Earlier this week, the Rocky Mountain News predicted another rough year for the Denver housing market. Today, the Denver Post echoes that sentiment, but is slightly more optimistic, calling the current market “just flat.”

Home prices in Denver and Aurora appreciated at a meager 1.3 percent rate in the fourth quarter of 2006 - compared with the same period in 2005 - as the metro housing market struggled to find footing.

That’s the slowest appreciation rate for Colorado’s most populous area since the third quarter of 1990, when the country was mired in a recession, according to the Office of Federal Housing Enterprise Oversight (OFHEO).

Denver Mortgage“People who buy a house thinking ‘the market will take care of me’ - those days are gone,” said John Sullivan, a mortgage broker and co-owner of Re/Max Cherry Creek.

Over the past five years, as low Colorado mortgage rates spurred strong numbers of home purchases, average home values in the Denver-Aurora area are up 16.8 percent, compared with a 55.2 percent gain nationally in that same period.

Subtract a modest 9 percent inflation rate over the period and a 6 percent real estate commissions from any housing gain, and a typical seller who bought five years ago would turn little profit.

“The Colorado economy is in great shape, but the housing market is just flat,” said Lou Barnes, a mortgage broker in Boulder.

The home-price gain in the fourth quarter was below the meager gains recorded in 2003, when the state was reeling from the loss of tens of thousands of jobs following the tech and telecom bust.

Home prices appreciated at a 3.3 percent pace for the Colorado housing market as a whole in the fourth quarter, ranking 43rd among all U.S. states, according to OFHEO.

Variations within Colorado were wide.

Greeley and Boulder showed gains below 2 percent. The Fort Collins-Loveland region had the weakest gain of any major metro area in the state, 0.85 percent. Colorado Springs and Pueblo experienced price gains of 4.7 percent and 5.35 percent.
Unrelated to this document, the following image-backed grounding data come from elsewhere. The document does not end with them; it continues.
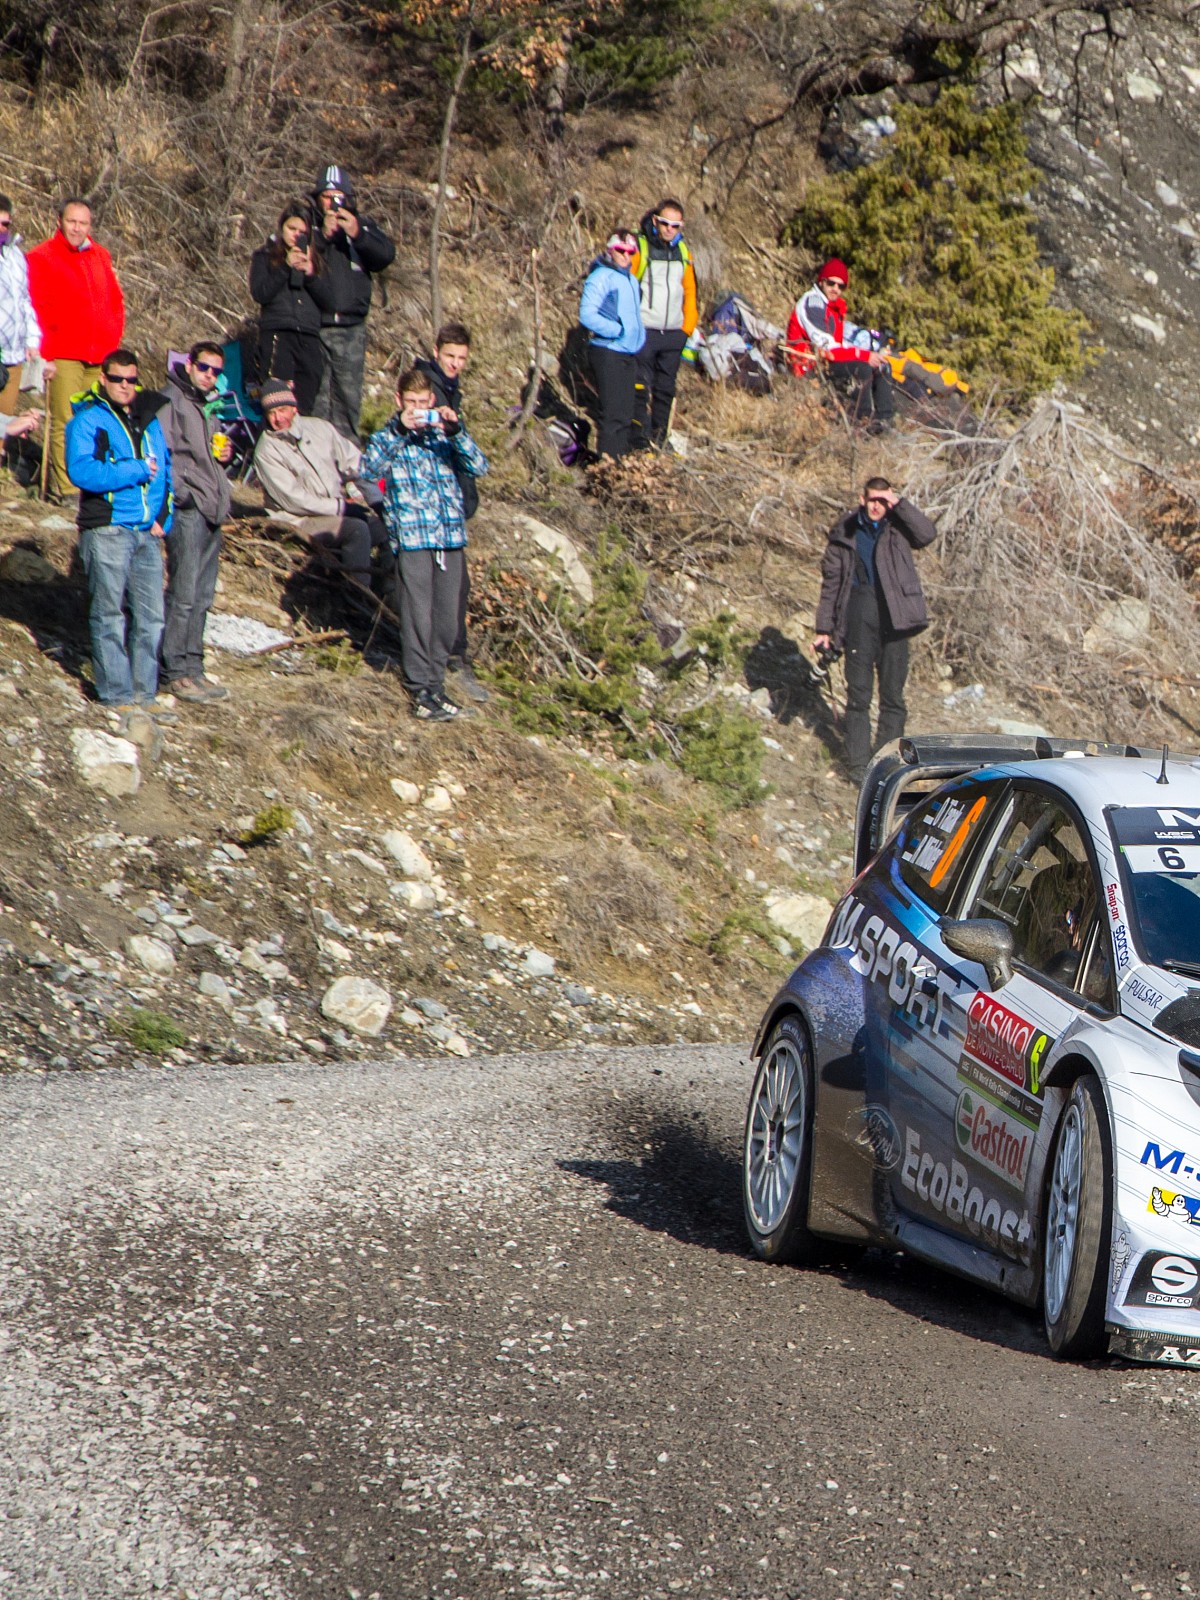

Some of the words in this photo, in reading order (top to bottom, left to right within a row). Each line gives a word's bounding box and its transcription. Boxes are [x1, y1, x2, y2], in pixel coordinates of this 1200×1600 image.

[930, 796, 987, 888] 6
[1157, 846, 1186, 870] 6
[1107, 883, 1120, 921] Snap-on
[829, 895, 959, 1036] M-SPORT
[1115, 924, 1130, 967] sparco
[1127, 979, 1163, 1009] PULSAR
[966, 1032, 976, 1049] DE
[976, 1039, 1024, 1081] MONTE-CARLO
[968, 997, 1029, 1061] CASINO
[1030, 1034, 1047, 1095] 6
[971, 1105, 1028, 1181] Castrol
[902, 1126, 1032, 1267] EcoBoost
[1147, 1294, 1192, 1306] sparco
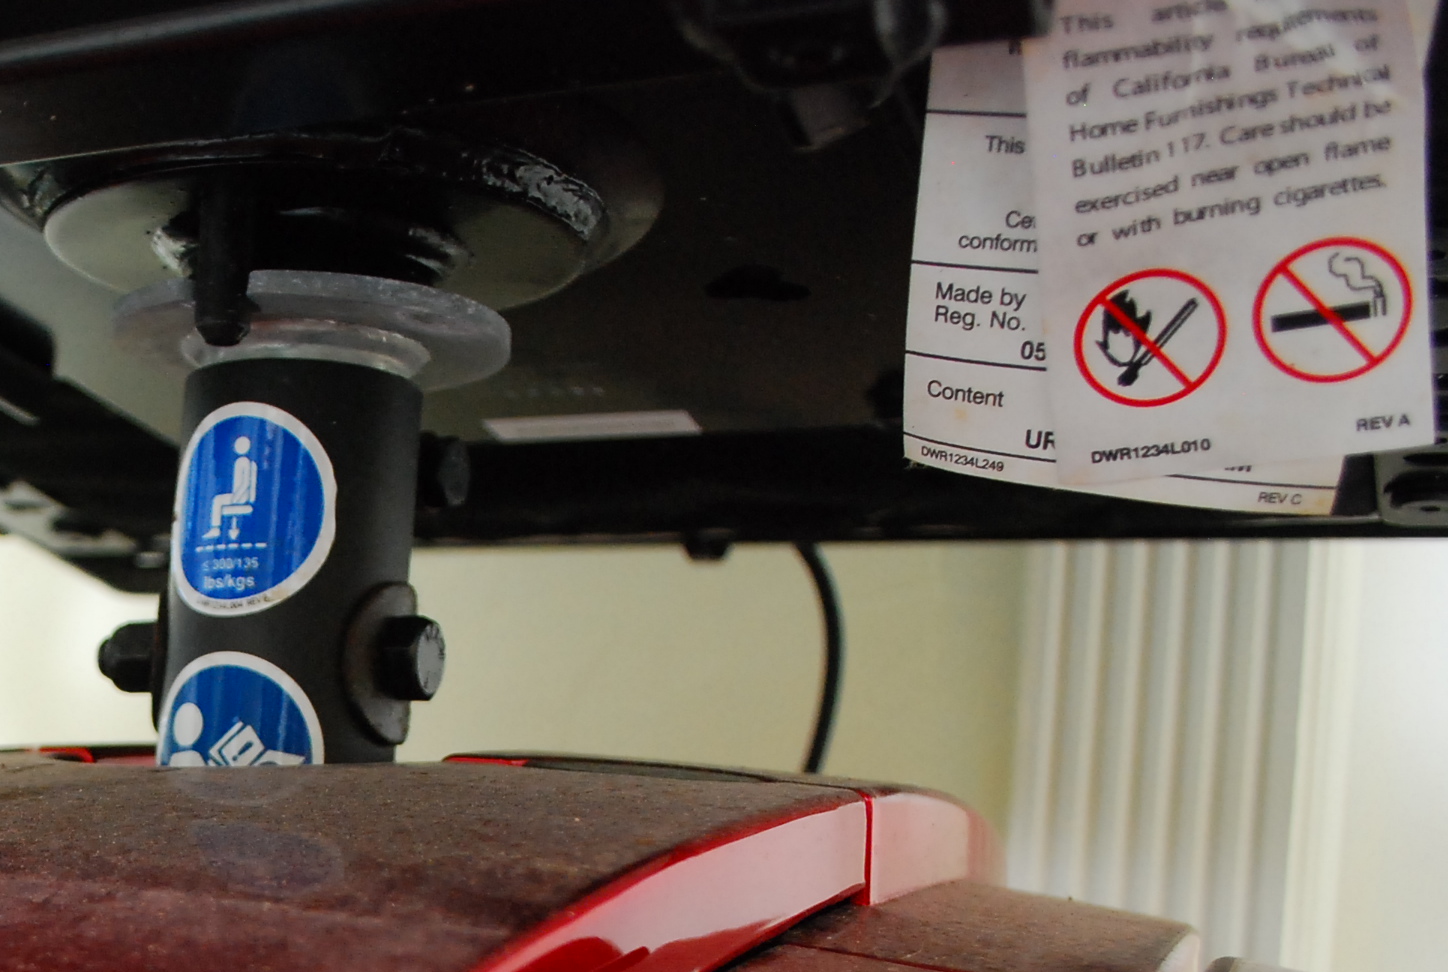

In the Grand Junction area, an influx of energy workers and continued interest in the area as a retirement haven have resulted in a housing shortage, said Kathi Williams, director of the Colorado Division of Housing.

Its housing market posted a home-price gain of 13.3 percent, comparable to those in Utah, Wyoming and Idaho, which led the country with appreciation rates of 14 percent or higher.

The OFHEO index looks at the sale or mortgage refinancing of a large block of homes across time, tracking more than 32 million transactions over the past 32 years.

It is considered a more precise gauge of home values than Realtor-generated resale numbers, which calculate values based on the mix of homes sold in a given period. Also, Realtors have a vested interest in putting the best spin on market trends and home mortgage demand.